* Your objective *
Your copy of the data below must be exact and must leave out all pictures.

Stored data entries:
########
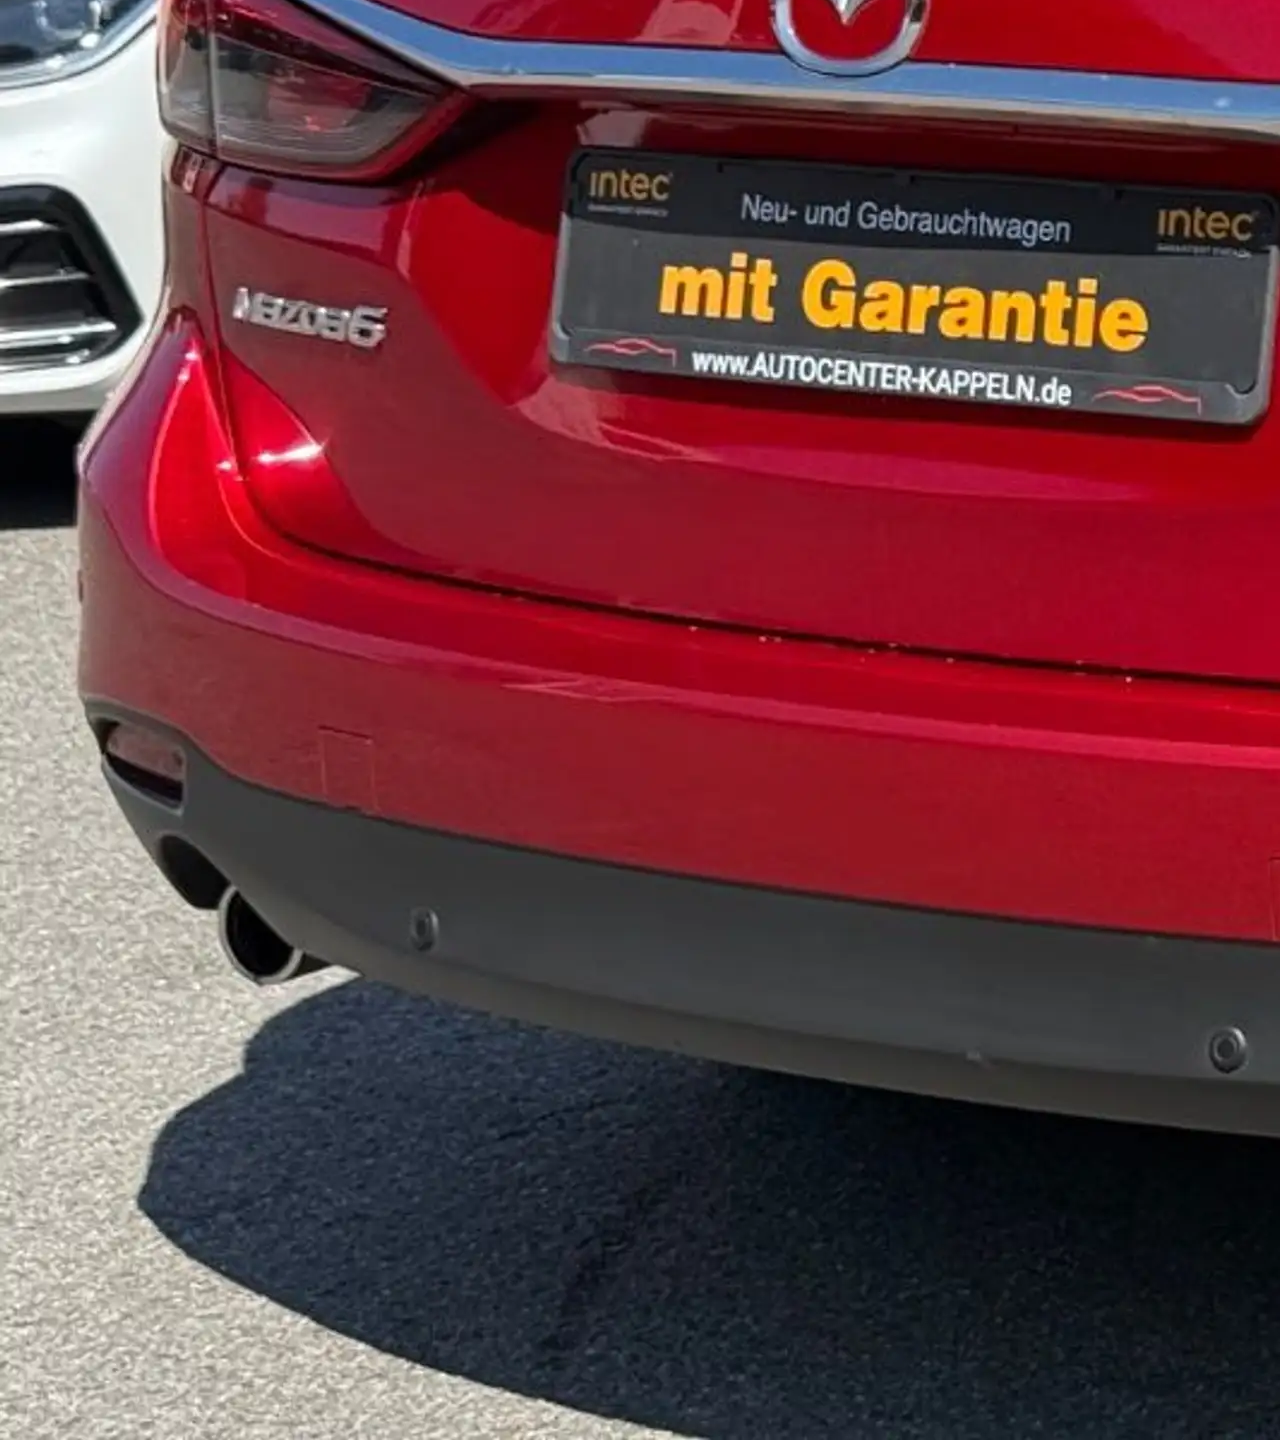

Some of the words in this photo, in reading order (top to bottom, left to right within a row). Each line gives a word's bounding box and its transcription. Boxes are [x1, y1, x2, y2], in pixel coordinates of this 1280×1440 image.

[589, 169, 670, 200] intec
[741, 193, 797, 223] Neu-
[805, 201, 851, 228] und
[857, 201, 1071, 248] Gebrauchtwagen
[1157, 206, 1254, 241] intec
[659, 252, 778, 323] mit
[802, 258, 1149, 352] Garantie
[691, 350, 1072, 406] www.AUTOCENTER-KAPPELN.de
########
* Response to this task *
Some of the words in this photo, in reading order (top to bottom, left to right within a row). Each line gives a word's bounding box and its transcription. Boxes are [x1, y1, x2, y2], in pixel coordinates of this 1280×1440 image.

[589, 169, 670, 200] intec
[741, 193, 797, 223] Neu-
[805, 201, 851, 228] und
[857, 201, 1071, 248] Gebrauchtwagen
[1157, 206, 1254, 241] intec
[659, 252, 778, 323] mit
[802, 258, 1149, 352] Garantie
[691, 350, 1072, 406] www.AUTOCENTER-KAPPELN.de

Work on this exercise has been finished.